Blocking the entrance was a rusty iron gate with great spikes set
between two stone turrets. The gates were chained together but the padlock had
a flower of pure, shiny silver round the keyhole.
I cycled past the entrance to the wood, and
at the point where the road curved away to the south and left the wood behind
someone had painted ‘For the love of the blue skies of Ireland we will not
surrender to the Republic’ in ragged white letters on the walls. There was
little hope of that. The sky was dark grey, it was drizzling and the skeletal
trees were black with rain. Tattered remnants of leaves clung like sodden
garments to some of the branches, and great cables of ivy wound round their
limbs, burying finger-thin suckers knuckle-deep in the bark. I could just make
out part of a large house deep within the wood. It was painted pale olive
green; the reflections of black storm clouds swam viscously in the lifeless
windows. And then they came. I heard the beat of their wings first for they
were utterly silent. The base of my spine started to tingle, and I felt a chill
draught creep along my scalp.
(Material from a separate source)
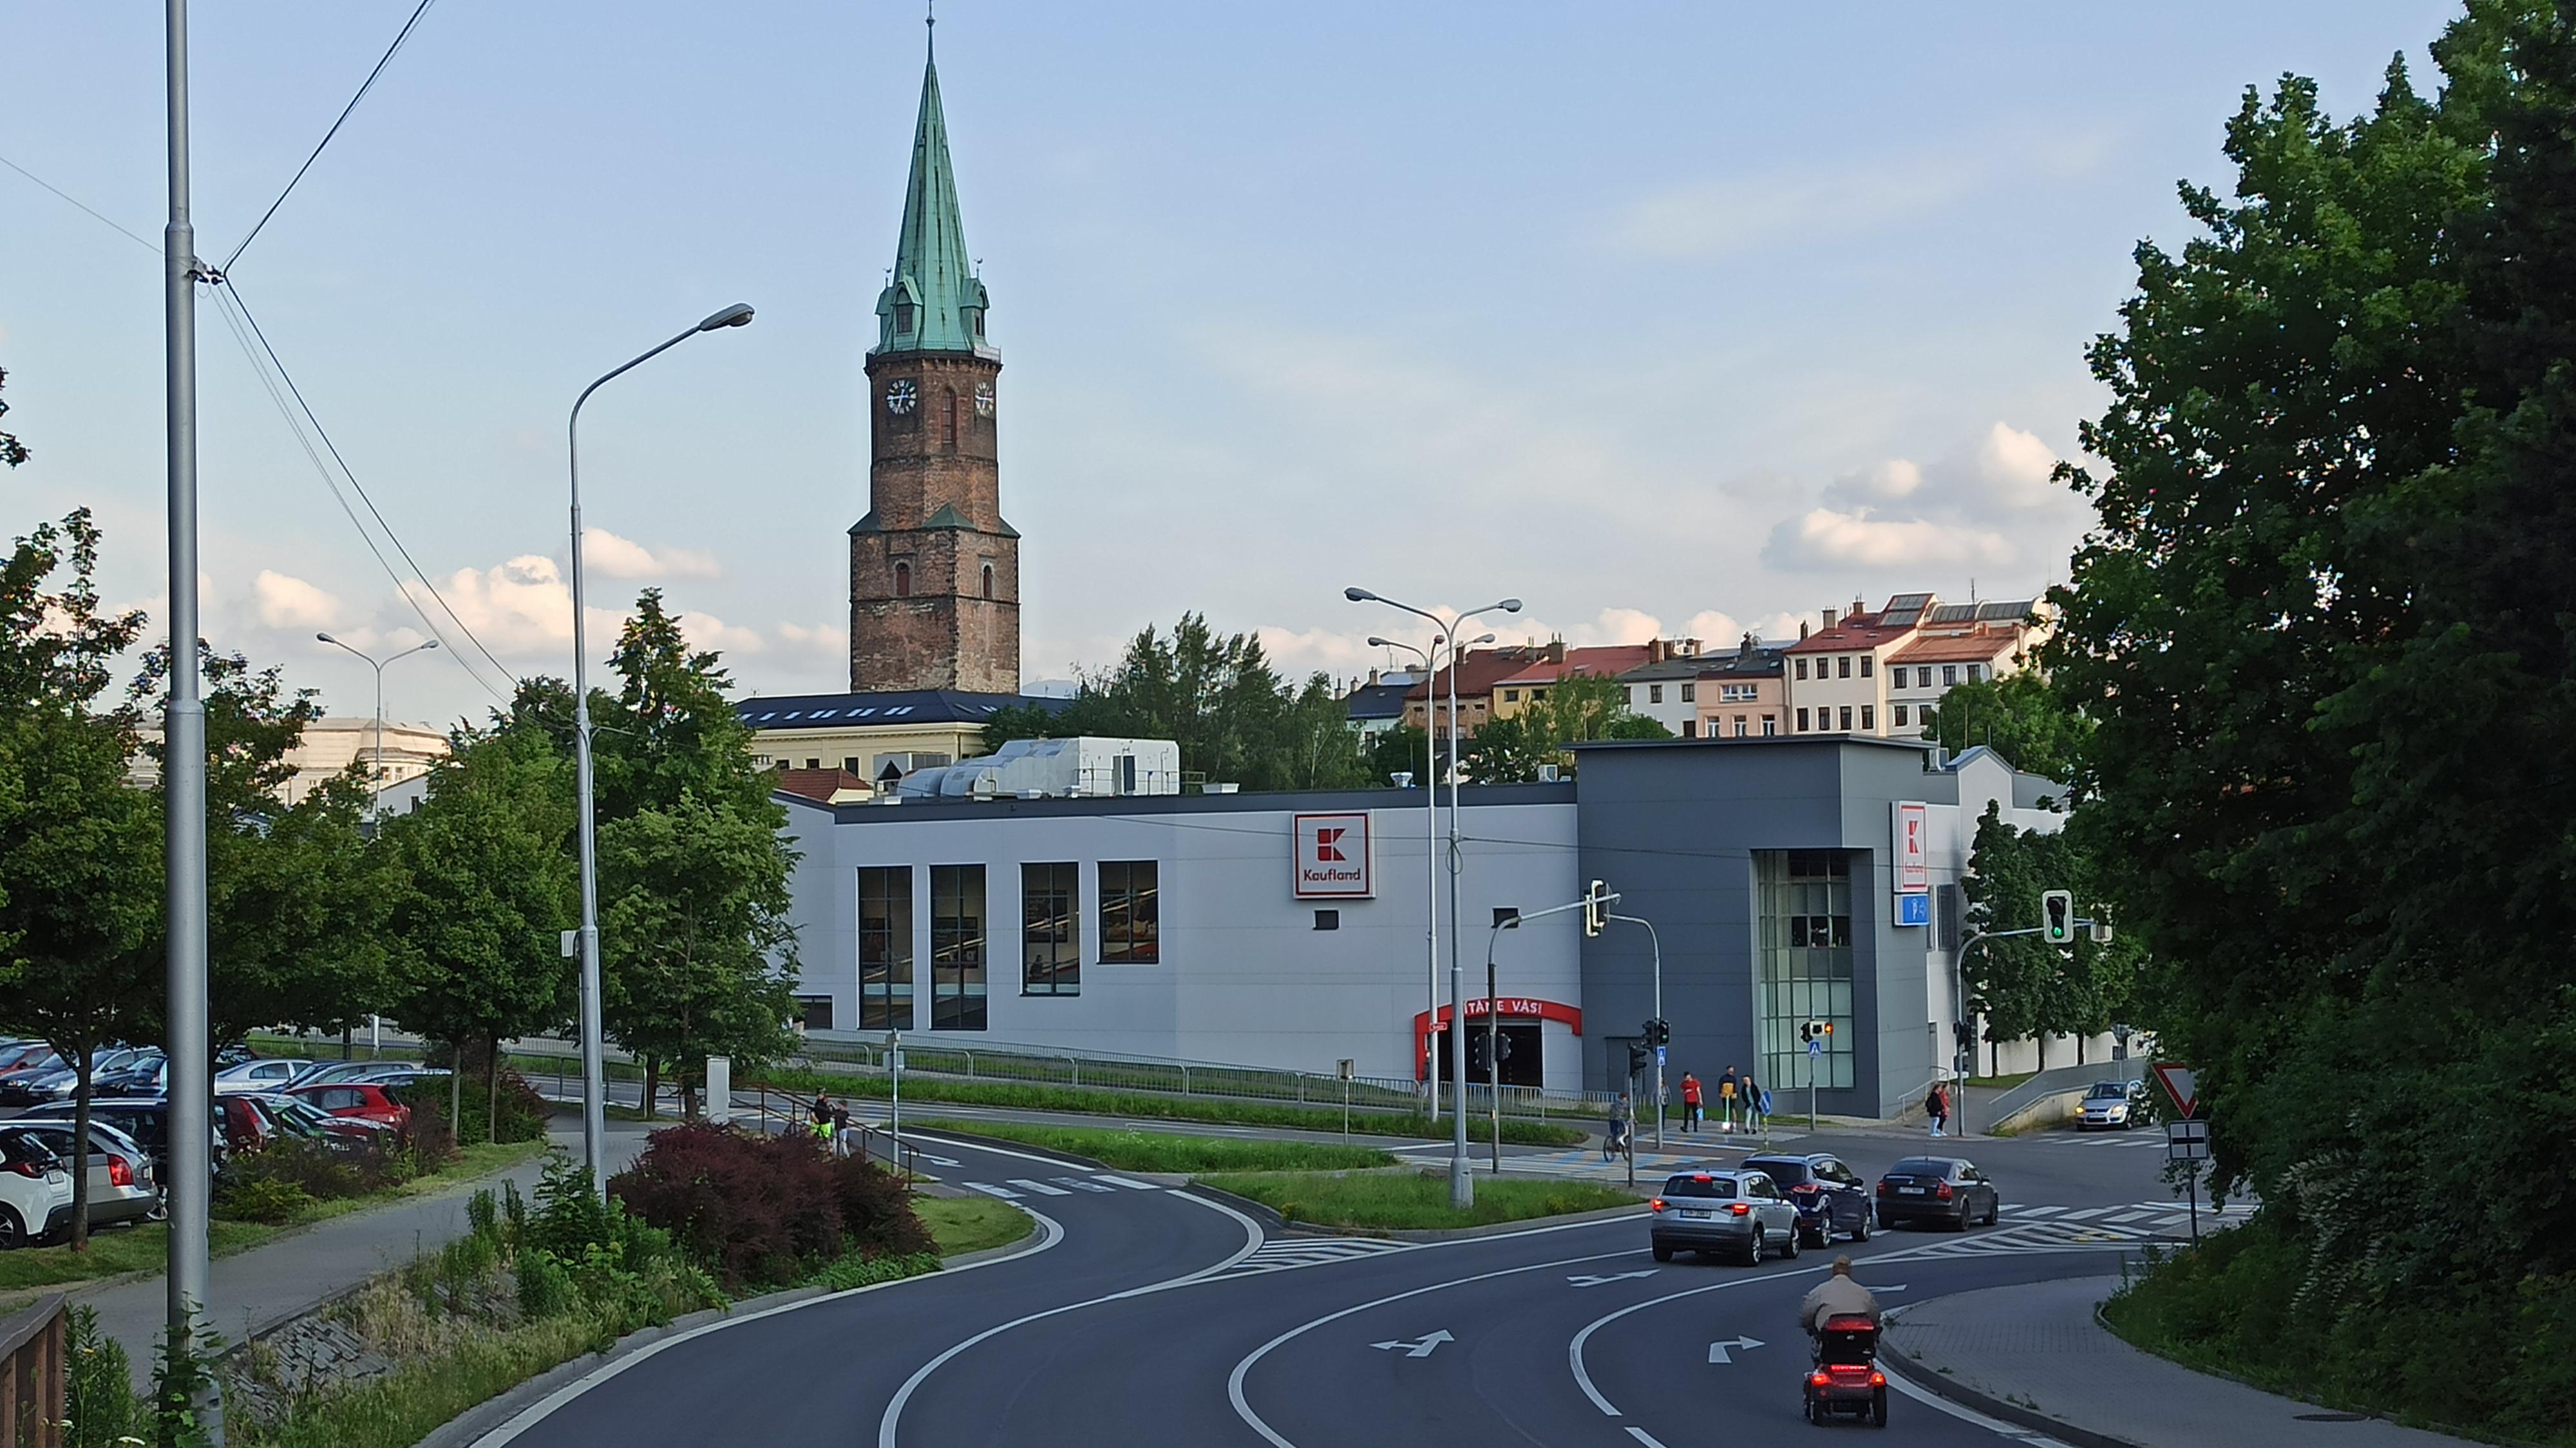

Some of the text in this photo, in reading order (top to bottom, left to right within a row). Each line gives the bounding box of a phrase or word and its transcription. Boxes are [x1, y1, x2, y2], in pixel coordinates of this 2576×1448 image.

There must have been about two hundred of them,
shoaling through the sky, black and cruciform, blocking out what little light
was left. It took at least a minute for them all to pass over my head and slide
as one sinuous body over the wall, and through the wood. They alighted on some
oaks and clustered in dense groups along the branches as if the trees were
growing ill-formed and shifting galls. From the heart of the wood came the
strangled cry of a crow, and now for the first time they called, a rattling
clamour that issued from their hoarse throats.
Cabaire breac in Gaelic, maggot pie
from the French, my first sight of a communal roost of Irish magpies. I stood
in the rain and watched them as they stirred and seethed along the damp limbs
of the trees. It looked like an optical illusion, the dark trees crowned with
black and white birds – it was difficult to see where one bird ended and
another began. My eyes watered, and the noise hurt my ears, but somehow it
seemed right that I should be welcomed in this way.
I stopped at the Sandpiper on my way home.
I stood in the entrance and dripped gently as my eyes adjusted to the gloom.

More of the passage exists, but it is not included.